A muito se questiona a adequada nomenclatura deste ramo do Direito.  O crime é a tipificação de um ou vários atos do ser humano, que ferem bens
jurídicos de maior relevância. A pena é a resposta imposta pelo Estado ao indivíduo que age ferindo os bens jurídicos relevantes. Seja no ato
tipificado ou na pena, a culpabilidade é fator primordial para punibilidade.
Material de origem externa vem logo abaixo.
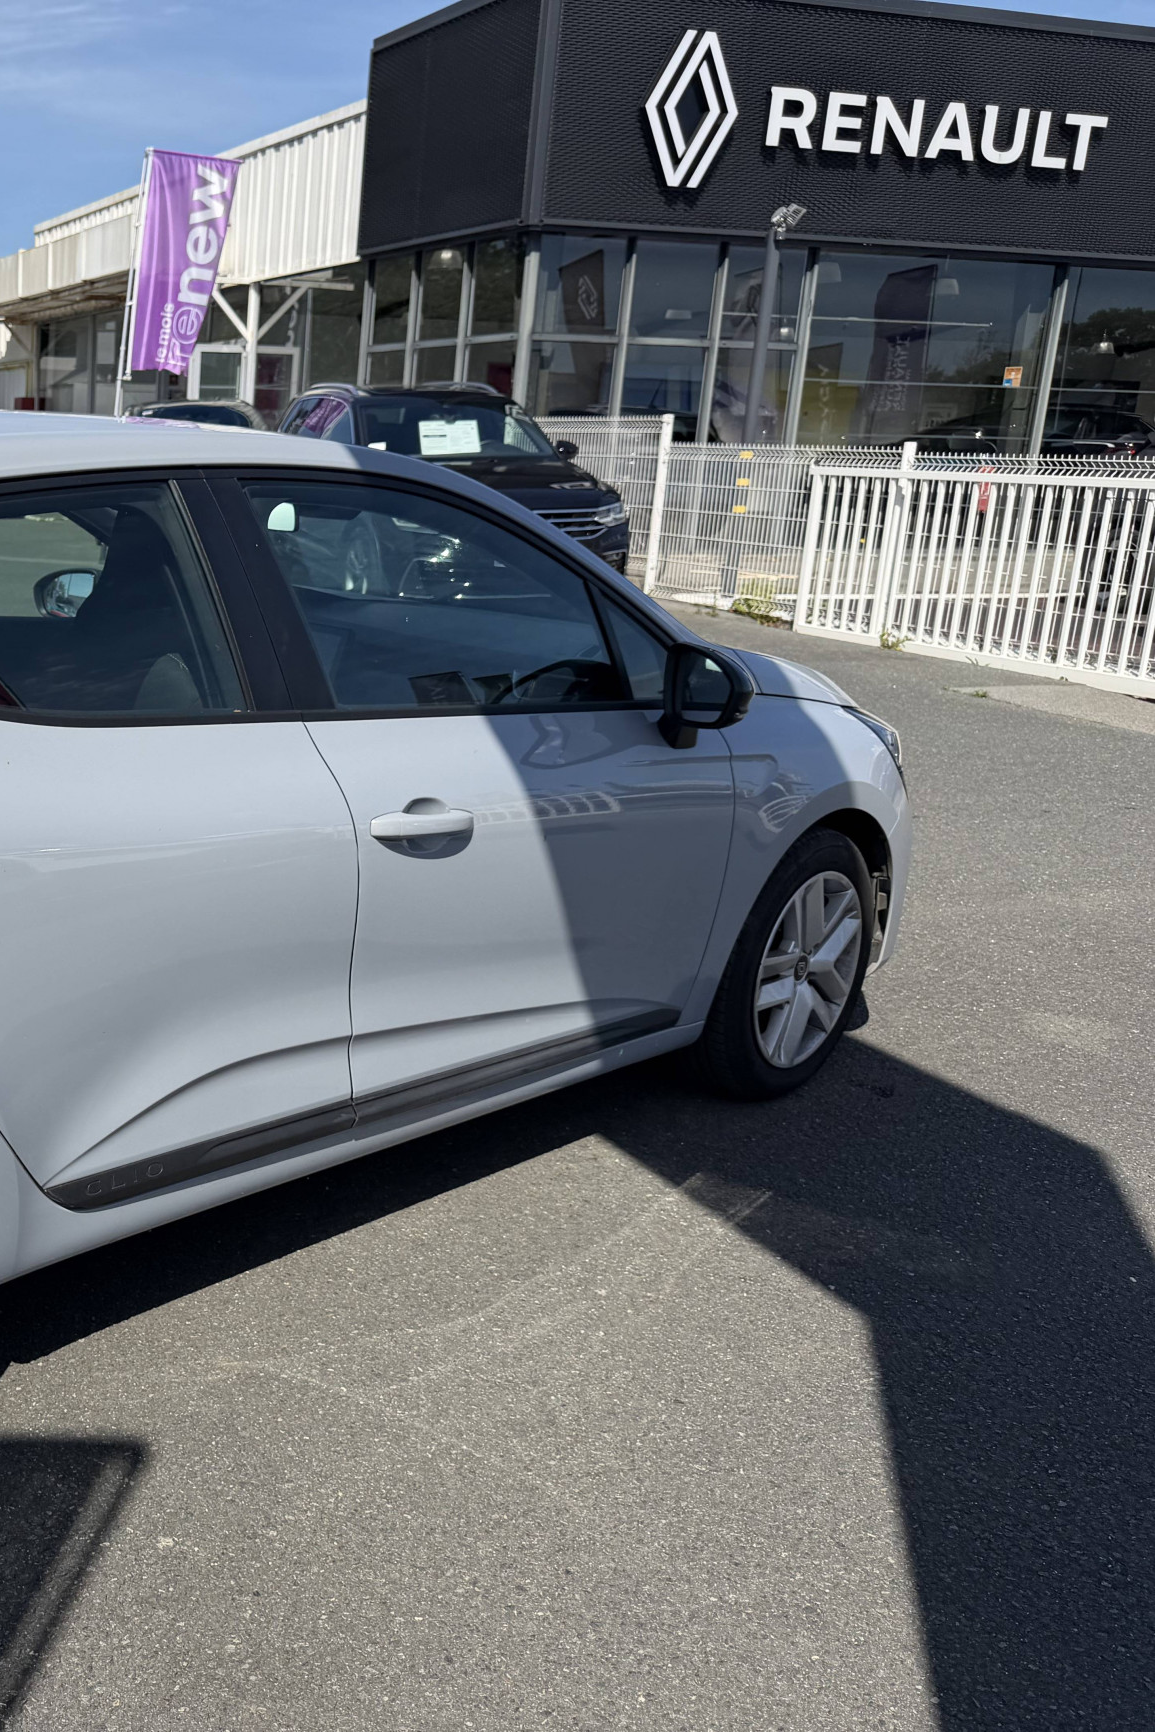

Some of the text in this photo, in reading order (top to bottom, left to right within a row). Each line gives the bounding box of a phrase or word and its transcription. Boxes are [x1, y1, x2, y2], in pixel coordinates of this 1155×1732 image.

[765, 86, 1108, 171] RENAULT
[165, 162, 229, 367] renew
[87, 1161, 164, 1196] CLIO
Nossa legislaçao utiliza a termologia Direito Penal para representar esse conjunto de normas que tratam sobre o poder de punir do Estado. Seguindo o
exemplo de ordenamentos positivistas, como o caso da Alemanhã, justifica-se que nossa legislação não poderia utilizar a nomenclatura  Direito Criminal,
para garantir o princípio da legalidade, já que o conceito de crime avança para um espaço distante das leis, envolvendo o ser humano e sua relação
subjetiva com a sociedade. Entretanto, devemos considerar que a amplitude da palavra pena também extrapola os limites de envolvimento do Direito Penal.
O Direito Admininstrativo, o Direito Civil e o Direito Processual também prevêem penas em suas atuações e essas não fazem parte dos estudos do Direito
Penal, mesmo tendo caráter sancionatório e punitivo. A não interferencia do Direito Penal nessas áreas do Direito se dá pela autonomia dessas ciências
e pela diferenciação de bens jurídicos que são defendidos. Como dito, o Direito Penal preocupa-se com a proteção dos bens jurídicos relevantes. As
outras disciplinas do Direito protegem os bens jurídicos inerentes às suas atuações, o que não impede que esses bens também sejam relevantes para o
Direito Penal e passíveis de dupla imputação punitiva por diferentes áreas do Direito.  Porém, quero chegar no fato de que os bens jurídicos
relevantes, que são o foco de proteção do Direito aqui discutido, são defendidos pelos tipos penais e quando feridos, caracerizam o crime. O alvo, o
foco de atenção do Direito Penal, não está em apenar o indivíduo que comete um crime, mas em evitar o crime, em proteger os bens jurídicos relevantes
da sociedade. Não é a pena que proteje, mas um conjunto de instrumentos jurídicos que tem por intenção afastar o crime. Situação essa justificada pela
moderna doutrina garantista de Luigi Ferraioli, seguidor do pensamento de Norberto Bobbio a entender que só existe pena quando há crime e, sabidamente,
não há crime sem lei que o estabeleça.(nulla poena sine crimen, nulla crimen sine lex).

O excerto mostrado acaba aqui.